WORKING DATA Block Start

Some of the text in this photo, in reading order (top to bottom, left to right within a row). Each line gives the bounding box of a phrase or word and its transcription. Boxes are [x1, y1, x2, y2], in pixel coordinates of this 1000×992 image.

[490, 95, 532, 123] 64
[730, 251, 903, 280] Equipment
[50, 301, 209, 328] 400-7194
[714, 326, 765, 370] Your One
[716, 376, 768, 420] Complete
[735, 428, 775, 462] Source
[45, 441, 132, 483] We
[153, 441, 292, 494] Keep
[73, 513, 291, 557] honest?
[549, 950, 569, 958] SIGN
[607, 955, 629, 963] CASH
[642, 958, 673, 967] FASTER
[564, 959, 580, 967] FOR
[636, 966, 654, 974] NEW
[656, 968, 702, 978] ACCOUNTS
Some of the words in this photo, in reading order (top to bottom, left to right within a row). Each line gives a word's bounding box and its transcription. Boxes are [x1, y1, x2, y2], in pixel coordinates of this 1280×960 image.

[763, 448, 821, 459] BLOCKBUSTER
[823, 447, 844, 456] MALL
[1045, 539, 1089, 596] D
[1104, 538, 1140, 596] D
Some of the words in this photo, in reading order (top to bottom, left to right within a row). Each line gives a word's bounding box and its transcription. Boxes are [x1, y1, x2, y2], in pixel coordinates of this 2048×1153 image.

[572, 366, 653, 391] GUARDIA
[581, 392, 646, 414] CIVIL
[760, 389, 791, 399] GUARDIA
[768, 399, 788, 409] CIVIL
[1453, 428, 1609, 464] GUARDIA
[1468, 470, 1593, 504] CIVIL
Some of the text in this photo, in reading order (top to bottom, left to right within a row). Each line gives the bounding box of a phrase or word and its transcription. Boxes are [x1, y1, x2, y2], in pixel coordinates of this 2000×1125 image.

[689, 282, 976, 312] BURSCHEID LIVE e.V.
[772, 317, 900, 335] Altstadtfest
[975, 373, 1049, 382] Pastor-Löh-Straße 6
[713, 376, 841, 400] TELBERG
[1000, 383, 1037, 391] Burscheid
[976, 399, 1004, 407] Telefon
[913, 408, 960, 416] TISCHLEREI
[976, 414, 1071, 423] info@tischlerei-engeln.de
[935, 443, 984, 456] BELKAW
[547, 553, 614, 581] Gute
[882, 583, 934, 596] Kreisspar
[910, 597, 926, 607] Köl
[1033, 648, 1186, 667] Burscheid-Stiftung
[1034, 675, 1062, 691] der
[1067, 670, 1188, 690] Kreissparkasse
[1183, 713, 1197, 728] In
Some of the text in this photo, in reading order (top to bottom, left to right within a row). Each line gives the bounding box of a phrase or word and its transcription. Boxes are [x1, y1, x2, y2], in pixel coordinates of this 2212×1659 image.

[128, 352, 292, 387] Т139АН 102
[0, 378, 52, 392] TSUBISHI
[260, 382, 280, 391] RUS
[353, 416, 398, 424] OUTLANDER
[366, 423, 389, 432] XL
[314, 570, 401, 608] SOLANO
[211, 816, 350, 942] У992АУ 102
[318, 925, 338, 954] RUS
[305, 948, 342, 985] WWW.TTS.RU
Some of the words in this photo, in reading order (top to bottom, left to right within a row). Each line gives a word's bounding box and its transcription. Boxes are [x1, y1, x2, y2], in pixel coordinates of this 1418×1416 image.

WORKING DATA Block End

> _REQUIRED WORK_: Beginning at the line that holds "this 2212×1659 image.", reproduce each line of the records above down to and including the last one.

> _RESULT FOR THIS EXERCISE_:
Some of the text in this photo, in reading order (top to bottom, left to right within a row). Each line gives the bounding box of a phrase or word and its transcription. Boxes are [x1, y1, x2, y2], in pixel coordinates of this 2212×1659 image.

[128, 352, 292, 387] Т139АН 102
[0, 378, 52, 392] TSUBISHI
[260, 382, 280, 391] RUS
[353, 416, 398, 424] OUTLANDER
[366, 423, 389, 432] XL
[314, 570, 401, 608] SOLANO
[211, 816, 350, 942] У992АУ 102
[318, 925, 338, 954] RUS
[305, 948, 342, 985] WWW.TTS.RU
Some of the words in this photo, in reading order (top to bottom, left to right within a row). Each line gives a word's bounding box and its transcription. Boxes are [x1, y1, x2, y2], in pixel coordinates of this 1418×1416 image.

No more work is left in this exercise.